Beth Stevens, development specialist at the Red Cross, asked me to assist Kate and Will. They want to continue to supply masks to the French Quarter.

However, after seeing their kiln in a tree and their neighborhood in Hancock County shattered like a ceramic face they once knew, they decided to restart in Norfolk. Here all that is needed is work space, rent money, and materials - and being free, for a time at least, of not having to deal with the burden of rebuilding an entire infrastructure and civilization.

I knew from the Red Cross that the Powers, like so many others across the country are lost in the red-tape snafu. No insurance check has come. They applied for a Small Business Administration (SBA) loan but nothing has happened and phone lines are always busy at the SBA these days.

"We've done everything we were told to do," Kate said in her clipped Australian accent. Will is the Southerner. "All the applications were filed early, but we find that people who filed last week already have checks, while many who filed right away are waiting still."

In the words of Ms. Stevens of the Red Cross, "There is no system to the system, apparently. It's not a criticism, just a fact. In some cases they get right in and out and have a check and others, like the Powers, just seem to be on hold."

In a moment of either optimism or ego, I tried to lift the load by researching the availability of funds for small businesses. After all, it just makes sense that if we don't help these businesses rebuild we can hardly complain when all the goods formerly produced by them become "Made in China."

I came up empty.

Billions given, yet there appears to be nothing available to help these folks lease a cheap, 1,500-sq.-ft. work space where they can fire an electric kiln and remold their lives. Being relocated seems to make it worse - out of sight, out of luck.

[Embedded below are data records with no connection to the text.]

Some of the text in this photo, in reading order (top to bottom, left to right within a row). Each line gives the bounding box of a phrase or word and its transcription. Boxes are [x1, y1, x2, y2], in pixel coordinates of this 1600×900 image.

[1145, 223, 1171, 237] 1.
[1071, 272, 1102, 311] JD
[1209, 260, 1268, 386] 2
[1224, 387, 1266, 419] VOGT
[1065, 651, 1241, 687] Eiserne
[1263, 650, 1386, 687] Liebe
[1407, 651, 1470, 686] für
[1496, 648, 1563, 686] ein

On television, I watched two New Orleans classical musicians be taken in by the Virginia Symphony, while chefs from the French Quarter are relocating to places like Utah and Ohio.

You can't break a spice rack like the Bayou and wash it all over the country and not change the flavor of the nation.

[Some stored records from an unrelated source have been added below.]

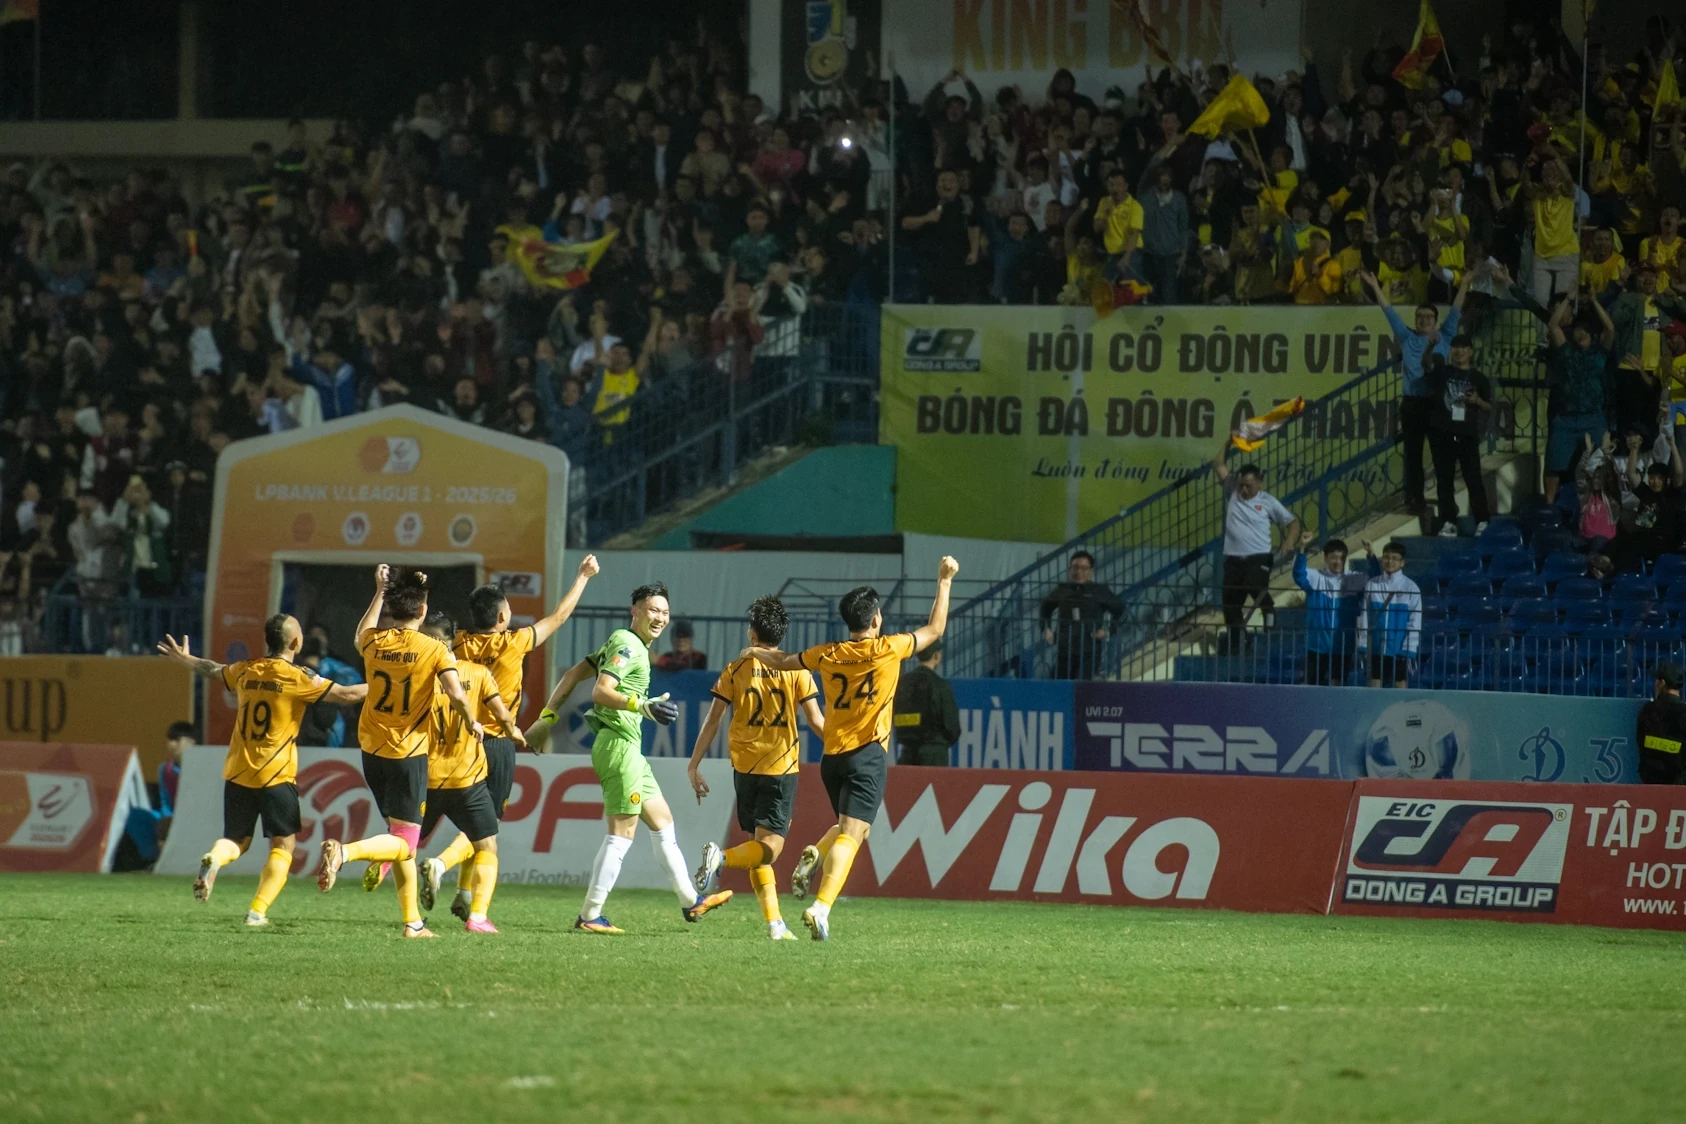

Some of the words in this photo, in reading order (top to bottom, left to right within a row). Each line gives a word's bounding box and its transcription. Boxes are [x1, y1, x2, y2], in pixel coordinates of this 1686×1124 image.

[1026, 324, 1093, 380] HỘI
[1109, 315, 1164, 375] CỔ
[1177, 324, 1289, 382] ĐỘNG
[917, 386, 1022, 436] BÓNG
[1036, 387, 1089, 437] ĐÁ
[1105, 388, 1215, 440] ĐÔNG
[373, 670, 412, 717] 21
[744, 688, 788, 728] 22
[831, 671, 878, 710] 24
[1103, 707, 1124, 719] 2.07
[240, 701, 272, 743] 19
[949, 696, 1064, 771] HÀNH
[1086, 721, 1330, 775] TERRA
[1385, 802, 1436, 818] EIC
[1584, 799, 1657, 857] TẬP
[866, 781, 1220, 900] Wika
[1345, 878, 1425, 903] DONG
[1427, 883, 1449, 905] A
[1454, 884, 1554, 909] GROUP

In the case of the Powers they will transplant a little Mardi Gras to Old Dominion University and its ceramics department. Seeing the opportunity to give students a taste of the apprentice life and how to be an artist in business, ODU president, Roseann Runte, gave Powers the rent-free use of the First Virginia Bank building, owned by ODU, from now until its slated demolition next summer.

Will and Kate are not sitting back and watching others do the work for them. They went back to Mississippi and dug in the mud to unearth 112 finished ceramic masks. Then we came up with a plan: sell their past to buy their future.

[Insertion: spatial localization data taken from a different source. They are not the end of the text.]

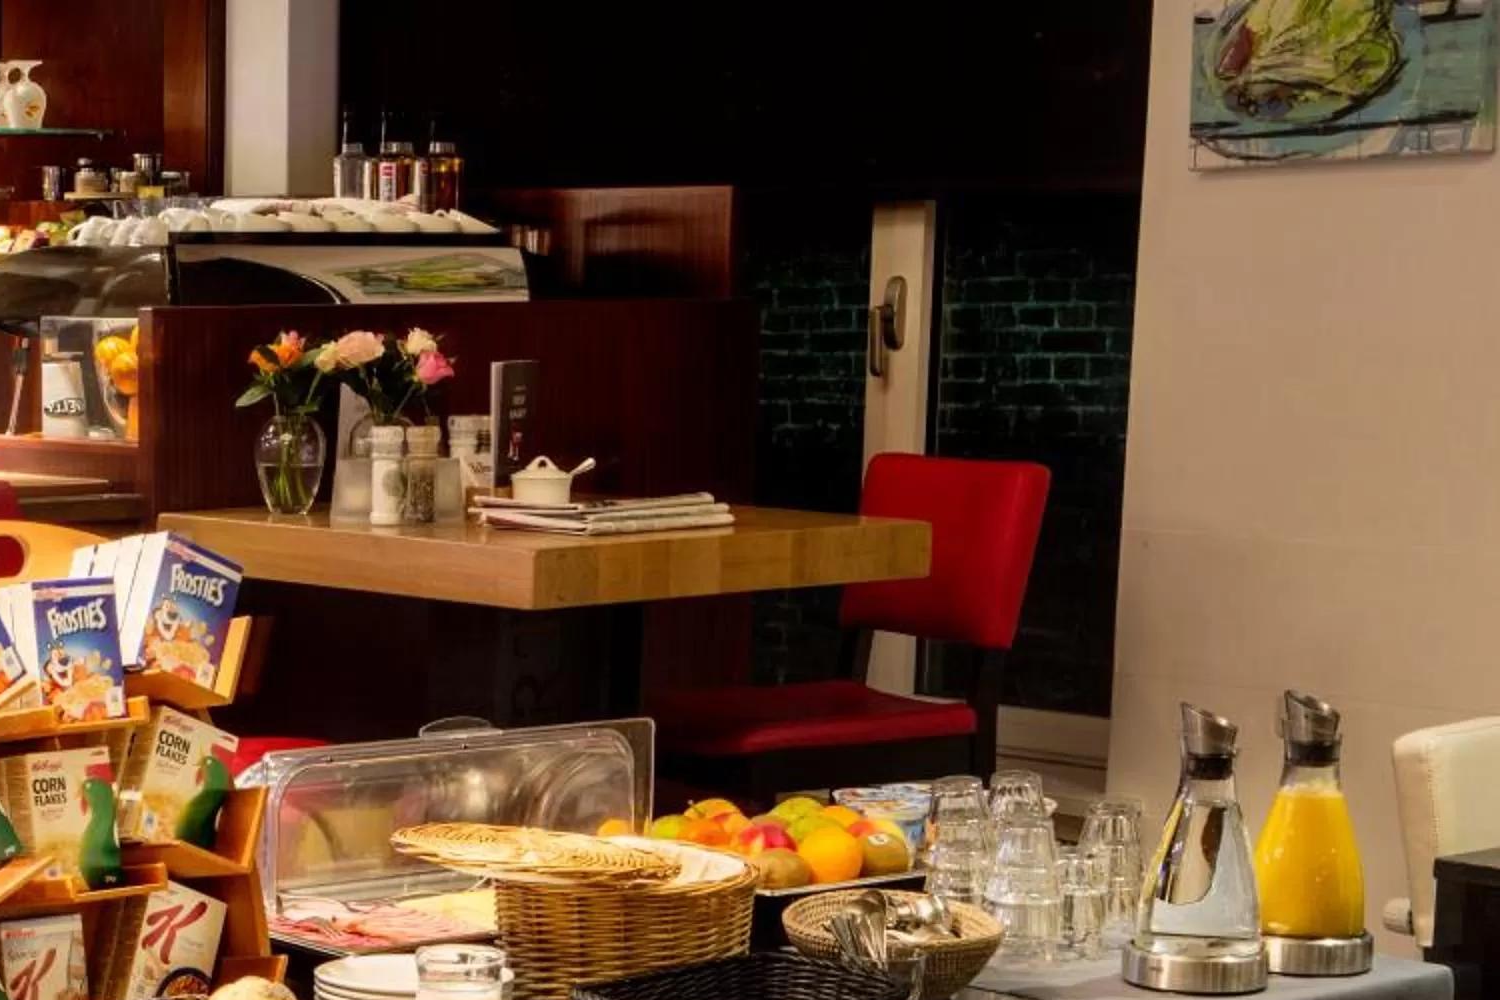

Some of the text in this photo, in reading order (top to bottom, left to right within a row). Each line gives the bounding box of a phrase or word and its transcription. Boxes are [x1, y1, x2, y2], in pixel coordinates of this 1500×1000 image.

[170, 563, 228, 606] FROSTIES
[47, 597, 107, 639] FROSTIES
[155, 743, 188, 766] FLAKES
[158, 729, 191, 755] CORN
[32, 776, 67, 794] CORN
[33, 793, 67, 807] FLAKES
[141, 901, 208, 965] K
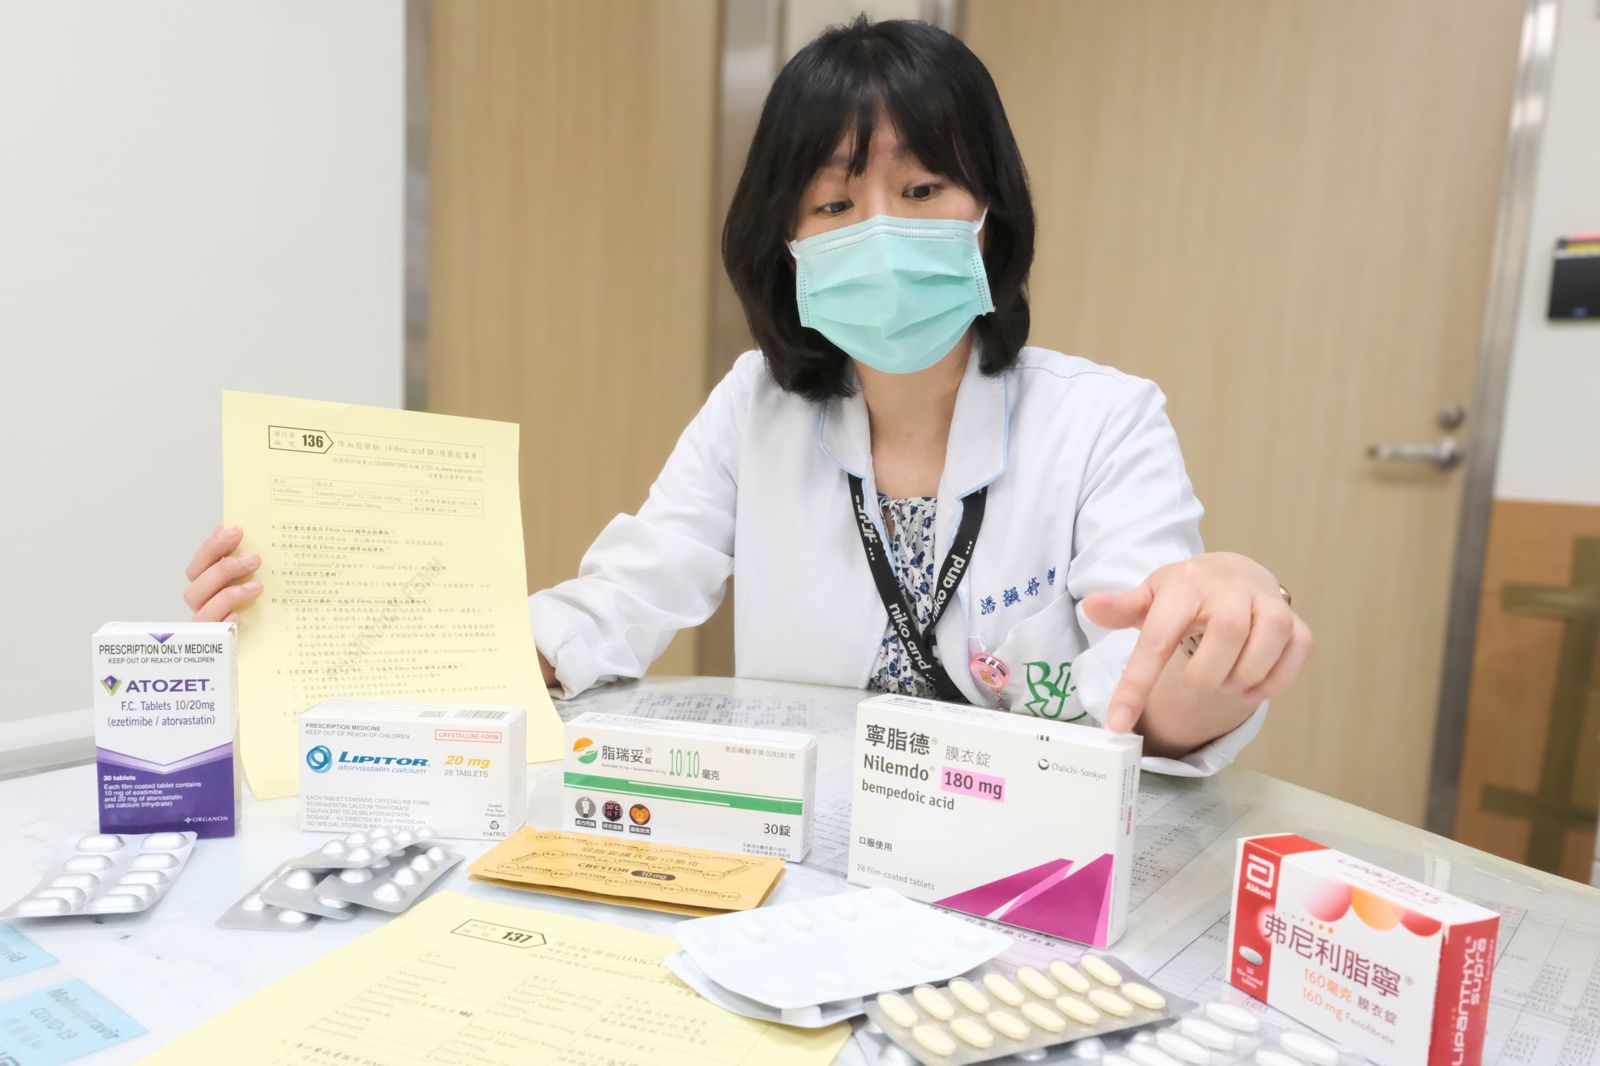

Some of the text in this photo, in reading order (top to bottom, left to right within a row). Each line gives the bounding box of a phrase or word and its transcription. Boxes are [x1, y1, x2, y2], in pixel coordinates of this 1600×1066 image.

[302, 434, 324, 448] 136
[943, 554, 965, 587] and
[889, 603, 931, 670] niko and
[99, 644, 223, 655] PRESCRIPTION ONLY MEDICINE
[126, 679, 210, 693] ATOZET
[121, 701, 215, 711] F.C. Tablets 10/20mg
[108, 717, 153, 727] (ezetimibe
[162, 715, 215, 726] atorvastatin)
[865, 724, 991, 768] 寧脂德 膜衣錠
[445, 755, 491, 769] 20 mg
[602, 745, 644, 764] 脂瑞妥
[338, 765, 389, 773] atorvastatin
[702, 769, 720, 780] 毫克
[863, 754, 929, 781] Nilemdo
[945, 771, 1002, 800] 180 mg
[862, 779, 955, 810] bempedoic acid
[764, 823, 791, 837] 30錠
[858, 836, 893, 852] 口服使用
[578, 862, 630, 874] CRESTOR
[856, 863, 866, 874] 28
[909, 877, 935, 891] tablets
[1245, 883, 1272, 900] Abbott
[501, 931, 534, 943] 137
[1263, 913, 1401, 998] 弗尼利脂寧
[1302, 988, 1322, 1006] 160
[1325, 1002, 1344, 1023] mg

The masks go up for an international online auction (www.maxanet.com/atlantic) at the artists' co-op D'Art Center here beginning Friday and lasting for 10 days.

Seeing them methodically clean and ready the only things they have left and hand them to an auctioneer was the last drop that broke my emotional levee.

I realized I had been mistaken about the role of the weaver in all this. Our role is to receive as much as it is to give. I am enriched by the experience of having met the courage, hope, and pride inherent in the human spirit. I have been given the essence and culture of another city.

I don't have to wear a mask to smile when I look at Kate and Will, or the millions of others who, every day in hundreds of cities, clean up and share their treasures with their new neighbors.

This is a moment in American history when the nation is awash in opportunity. This is the time that will be seen as the genesis of Mardi Gras in Norfolk and authentic gumbo for lunch in Ohio. We are seeing what was hidden behind the mask of suffering was our own face.

Lisa Suhay is a children's book author and part-time writer for Old Dominion University's in-house publications.